Another car would have come along, a family car for which she had said she was waiting, or even another man, a white man. Most travelers, like most men, were intrinsically decent. The end result for Iris would have been the same, cruelly the same. But he needn’t have been involved. He was the wrong man to have played Samaritan, and he’d known it, known it there on the road and in every irreversible moment since.
By the time I finished The Expendable Man, I was pretty sure I wanted to include it in the reading list for my survey course on mystery fiction next time around, probably in place of Walter Mosley’s Devil In A Blue Dress. It’s not that I think it’s better than Devil, but I’ve assigned Devil so often I would like to take a break from it, and Hughes’s novel deals with some very similar thematic issues. Both are astute and thought-provoking variations on noir conventions; both use specific individual crimes as devices for examining much bigger questions about social justice and especially about, as the NYRB cover text puts it, “the greatest of all American crimes.” The Expendable Man is also really gripping reading: its first chapter especially is an absolute masterclass in atmospheric unease. My profound relief when Hugh finally rid himself of Iris was compromised only by knowing that of course this was not really going to be the end of it for him—and by knowing already what the narrative itself so coyly withholds for as long as it can, which is that Hugh is a Black man in a racist world, and so he is never really going to be either free or safe.
There are many interesting aspects of the investigation that unfolds as Hugh (with painful inevitability) ends up the prime suspect in Iris’s death. I haven’t spent enough time with the novel at this point to be sure what to make of all of them, but one thing I’ll want to think more about is Ellen’s role, which doesn’t fit any of the usual restrictive hard-boiled parts for women to play. It seems tied to the novel’s attention to class, which, as Mosley notes in his Afterword to the NYRB edition, does not protect Hugh the way he hopes it will: his education and career path, his family’s money and social standing—none of it insulates him from hatred or suspicion. But Ellen’s money and connections are sources of strength, as is her prompt and unequivocal commitment to being on Hugh’s side. If Iris can be seen as a version of the damsel-in-distress turned femme fatale (intentionally or not), Ellen is an ally and partner for Hugh, one who refuses to sit on the sidelines while an injustice is perpetrated. There are other details worth considering about who helps Hugh and who doesn’t, too, including the white lawyer whose motives are primarily political, rather than principled.

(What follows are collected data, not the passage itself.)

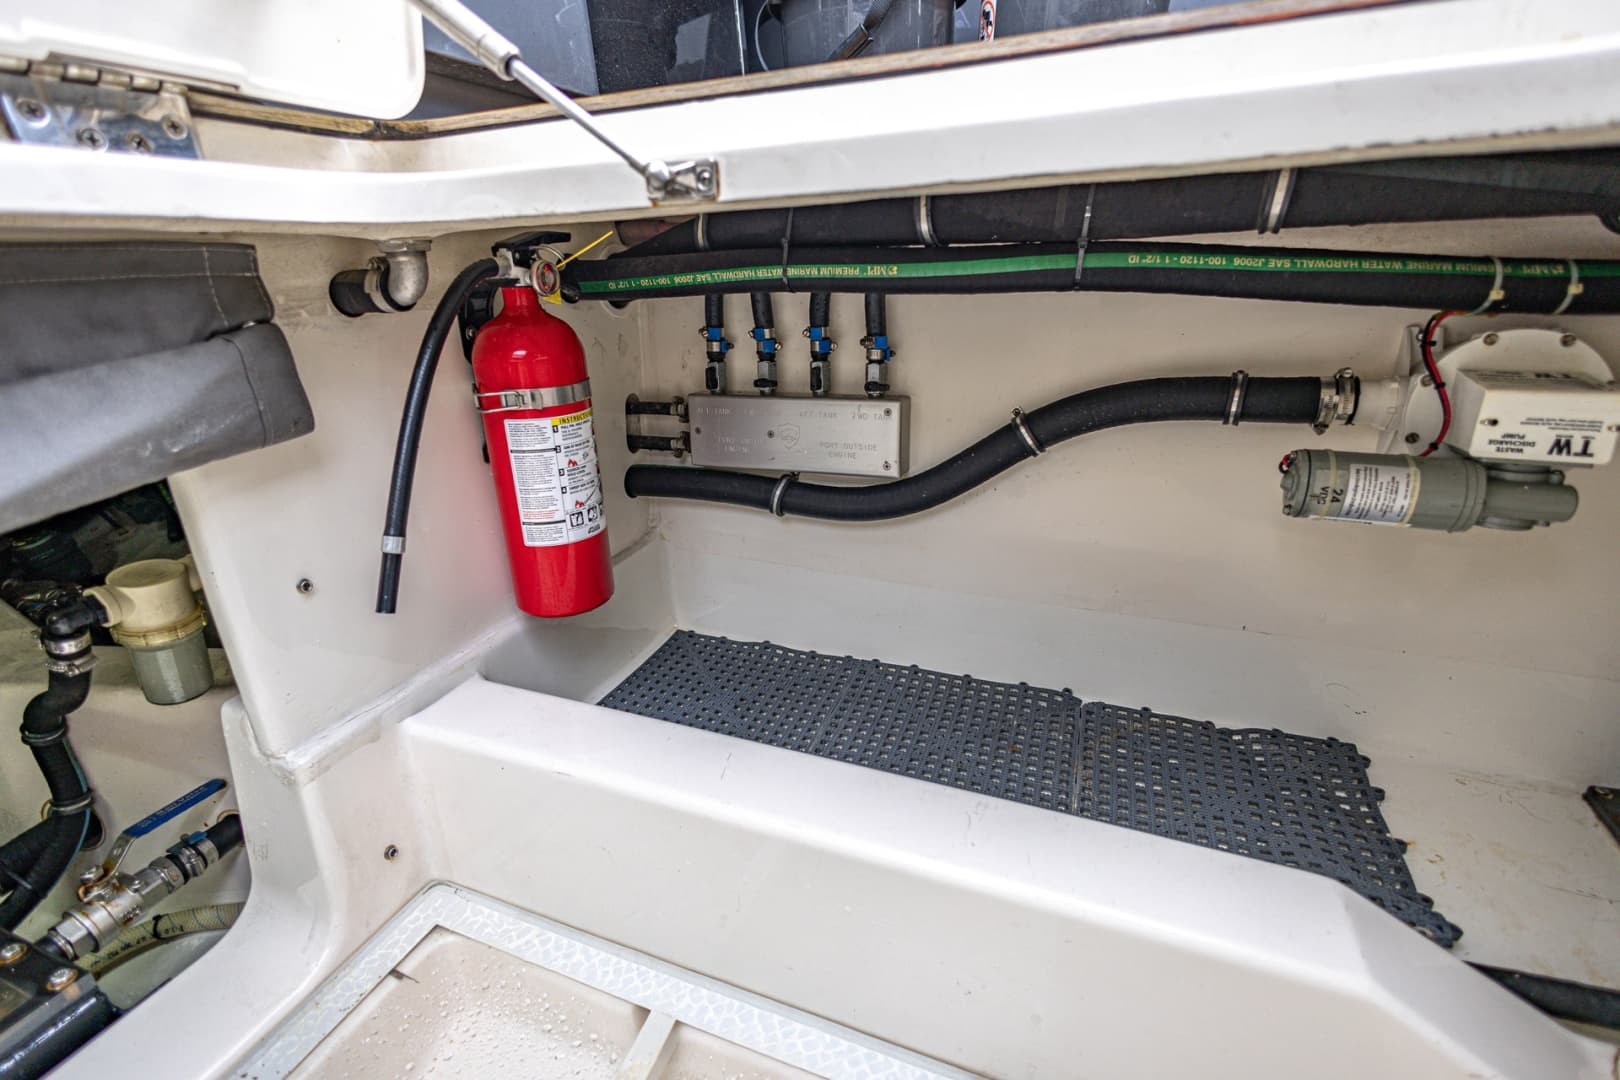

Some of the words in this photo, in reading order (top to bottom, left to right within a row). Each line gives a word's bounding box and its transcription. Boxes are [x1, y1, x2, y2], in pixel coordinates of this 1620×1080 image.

[1128, 255, 1139, 264] ID
[1180, 256, 1226, 265] 100-1120
[1233, 257, 1264, 267] J2006
[1267, 258, 1290, 268] SAE
[1295, 259, 1358, 269] HARDWALL
[1361, 260, 1403, 269] WATER
[820, 265, 860, 276] PREMIUM
[1407, 261, 1453, 271] MARINE
[1456, 262, 1513, 272] PEMIUM
[712, 269, 756, 281] HARDWALL
[756, 268, 783, 278] WATER
[786, 266, 819, 277] MARINE
[697, 273, 711, 283] SAE
[1501, 432, 1525, 440] PUMP
[1488, 439, 1536, 448] DISCHARGE
[1546, 438, 1594, 458] TW
[1495, 446, 1524, 454] WASTE
[1317, 485, 1330, 505] VDC
[1331, 488, 1343, 503] 24
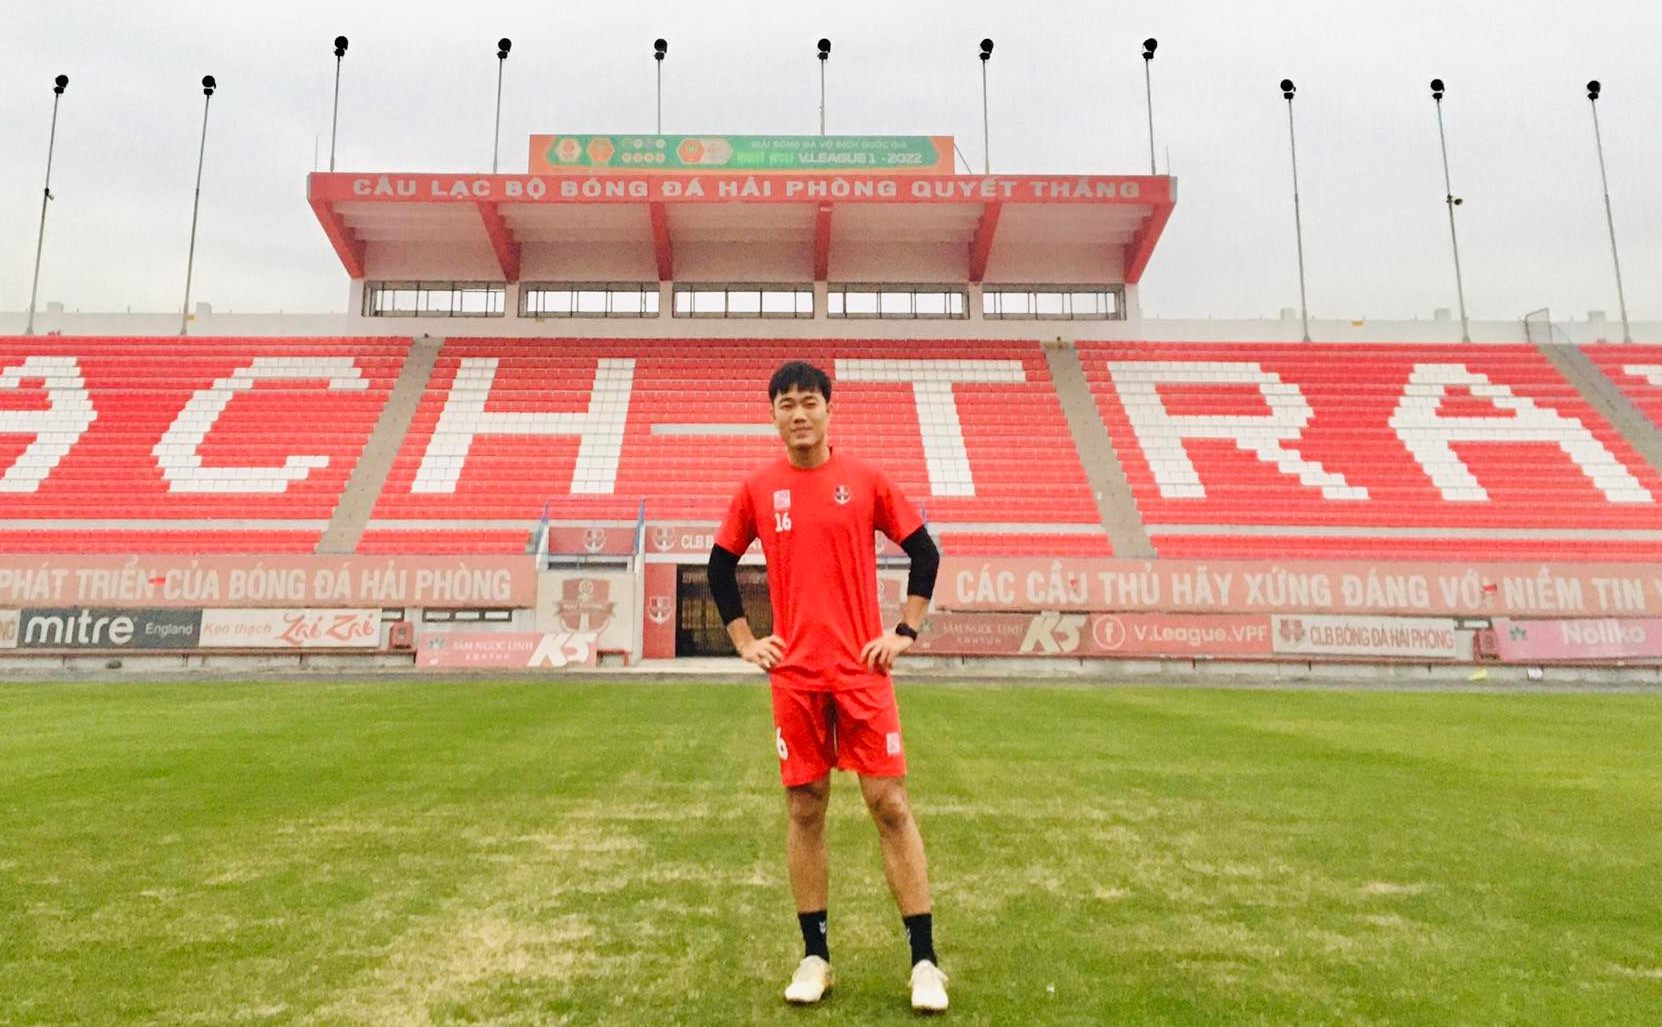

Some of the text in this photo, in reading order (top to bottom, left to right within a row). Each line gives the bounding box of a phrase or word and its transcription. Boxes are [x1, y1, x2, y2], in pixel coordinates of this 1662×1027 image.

[888, 153, 922, 164] 2022
[353, 176, 1140, 200] CÂU LẠC BỘ BÓNG ĐÁ HẢI PHÒNG QUYẾT THẮNG
[774, 512, 791, 532] 16
[681, 535, 704, 548] CLB
[0, 555, 512, 600] PHÁT TRIỂN CỦA BÓNG ĐÁ HẢI PHÒNG
[956, 563, 1015, 604] CÁC
[1099, 562, 1160, 606] THỦ
[1172, 566, 1233, 606] HÃY
[1244, 566, 1332, 608] XỨNG
[1342, 568, 1431, 609] ĐÁNG
[1592, 577, 1645, 610] TIN
[24, 610, 134, 644] mitre
[145, 623, 193, 637] England
[1018, 612, 1088, 654] K5
[1310, 625, 1334, 645] CLB
[1336, 623, 1370, 647] BÓNG
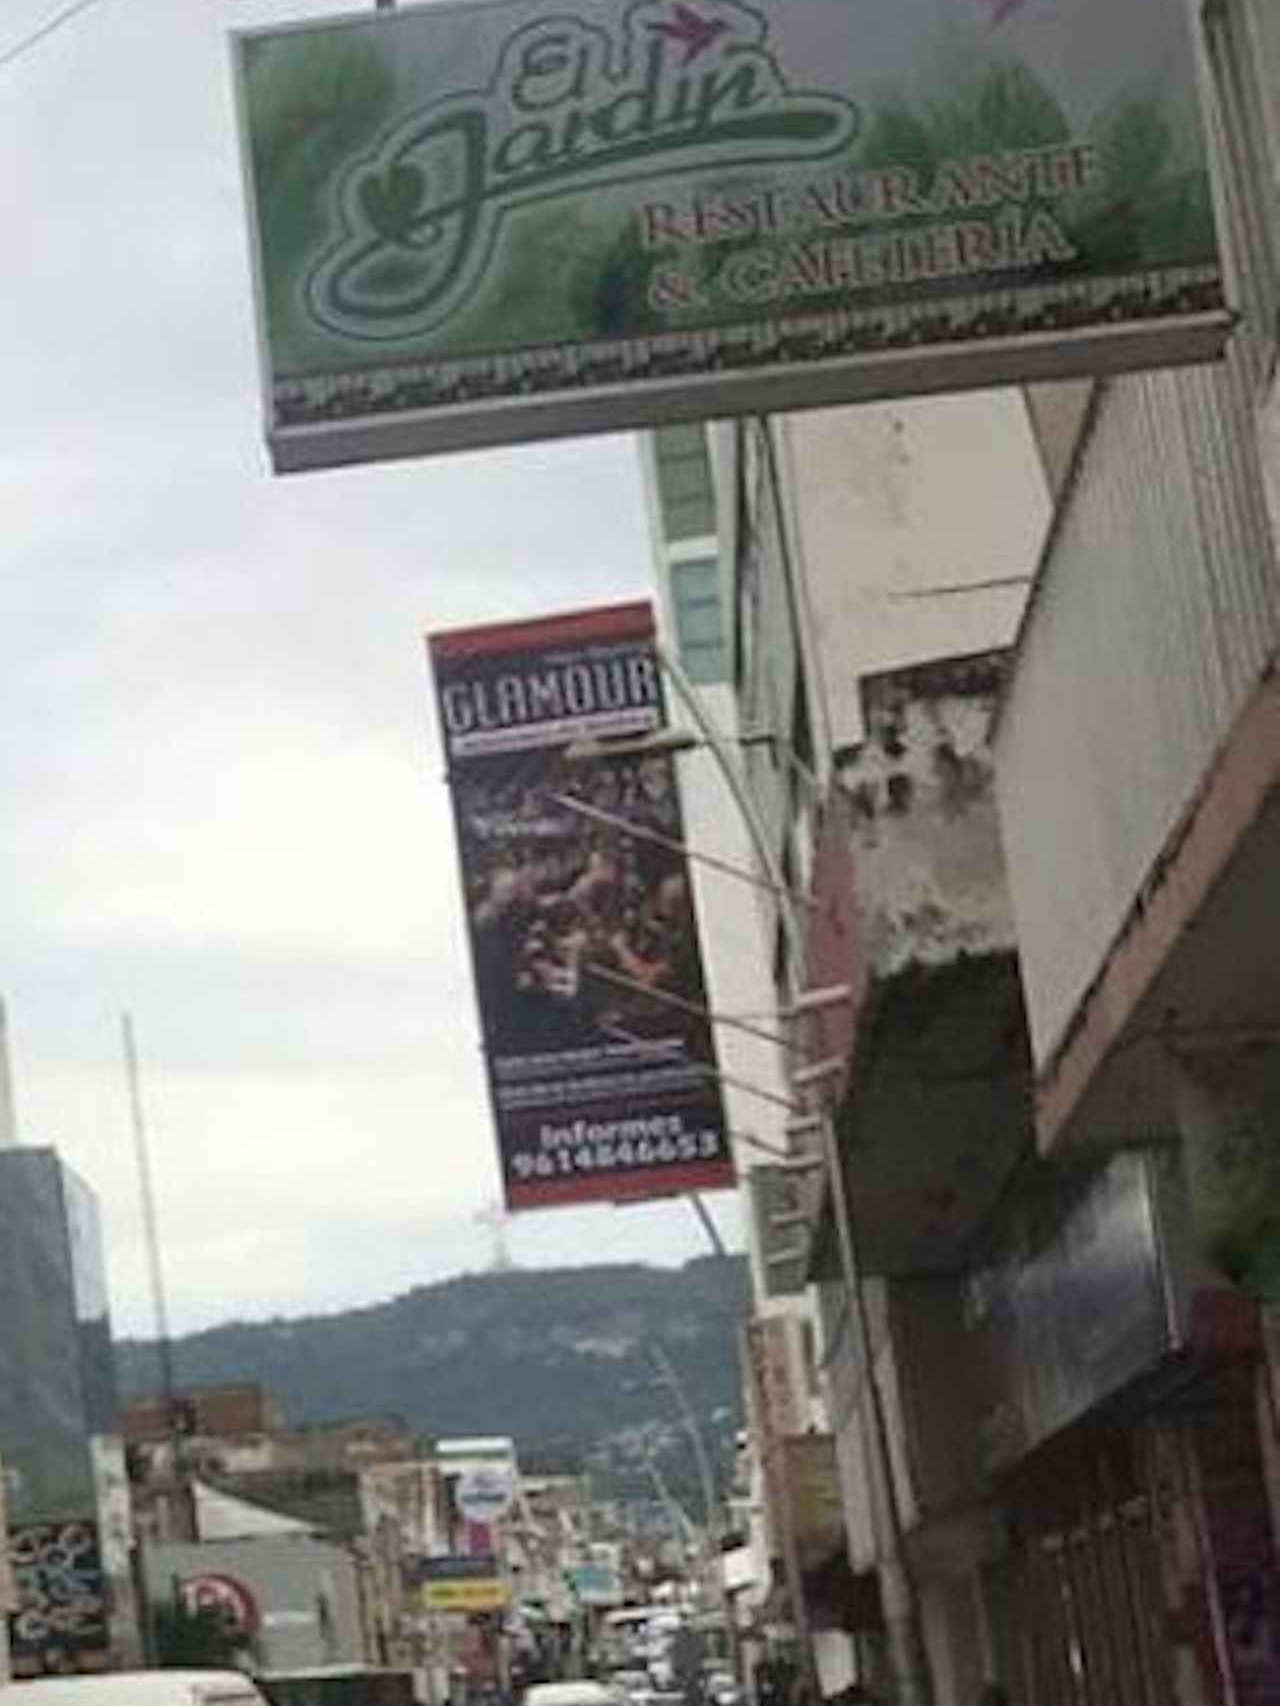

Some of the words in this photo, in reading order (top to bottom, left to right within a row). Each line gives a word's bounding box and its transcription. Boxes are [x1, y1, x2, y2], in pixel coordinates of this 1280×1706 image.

[512, 31, 588, 111] El
[643, 143, 1095, 247] RESTAURANTE
[648, 259, 708, 311] &
[442, 657, 658, 733] GLAMOUR
[540, 1113, 682, 1149] Informes
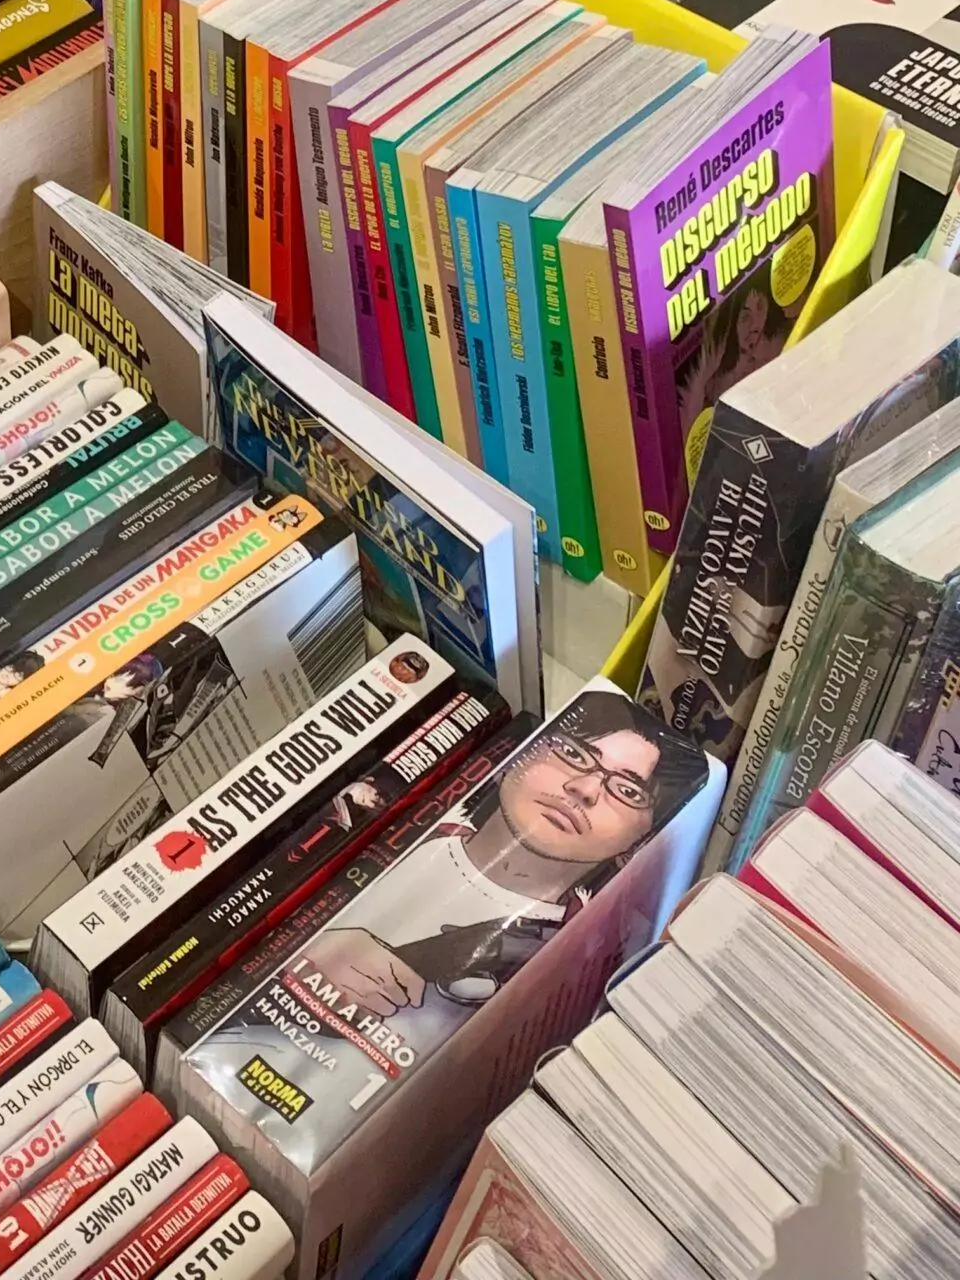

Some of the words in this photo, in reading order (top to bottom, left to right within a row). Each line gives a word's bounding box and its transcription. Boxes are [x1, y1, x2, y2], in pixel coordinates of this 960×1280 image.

The aspect of the novel that I liked the least was its vilification of abortion providers. At least on this first read, I didn’t get any sense that Hugh considers reproductive rights worth defending. What sympathy he feels towards Iris is about her as a murder victim – which is related, of course, to her abortion, but I didn’t pick up any compassion for the secrecy and the risk specific to it, any sense that if only she could get a safe and legal abortion she would have been less vulnerable to other kinds of predation. And Doc Jopher comes across as wholly repugnant, including to Hugh, who reflects with disgust that whatever sentence he serves, he’ll be back before long “to carry on with his butcher’s business.” I don’t think this matters to my interest in assigning the novel: books don’t have to align with my politics to be worth discussing, that’s for sure – otherwise I couldn’t possibly assign The Big Sleep, which I find both misogynistic and homophobic. It’s also possible there are details that would complicate or even change my reading of Hughes’s novel as aggressively anti-abortion (not just grim about its realities at the time). I’d be interested to know what other readers of the novel think about this element of the novel. Does it just seem “of its time”? (And yet, of course, abortion rights were not universally condemned in 1963, so even if so, that’s a particular stance to take on an ongoing controversy.) If I keep Sara Paretsky’s Indemnity Only on the list, there would be an immediate contrast with V. I. Warshawski’s friend Lotty Herschel, whose commitment to providing safe abortions (even when they were illegal) is part of that novel’s feminist framing.
The thing that does make me hesitate is the oddity (arguably) of assigning a novel that is fundamentally about race, and that is told from the point of view of a Black man—but which is written by a white woman. “A white woman writing of a young black man’s problems with the law was a certain kind of gamble,” Mosley comments in his Afterword—but Mosley himself doesn’t seem to consider it problematic, moving immediately on to remark Hughes’s general interest in writing “from perspectives far from her own.” It is clear from the afterword that Mosley greatly admires Hughes in general and The Expendable Man in particular. What kind of representation is more important, in a class like mine that tries to show the range of uses to which the forms of detective fiction have been put since its emergence as a distinct form? It seems as if Mosley would consider it most important to address “the darker reality” (as he puts it) that lies behind more “glittering versions of American life.” Presumably he thinks the gamble paid off for Hughes because the result was a very good novel.
Another car would have come along, a family car for which she had said she was waiting, or even another man, a white man. Most travelers, like most men, were intrinsically decent. The end result for Iris would have been the same, cruelly the same. But he needn’t have been involved. He was the wrong man to have played Samaritan, and he’d known it, known it there on the road and in every irreversible moment since.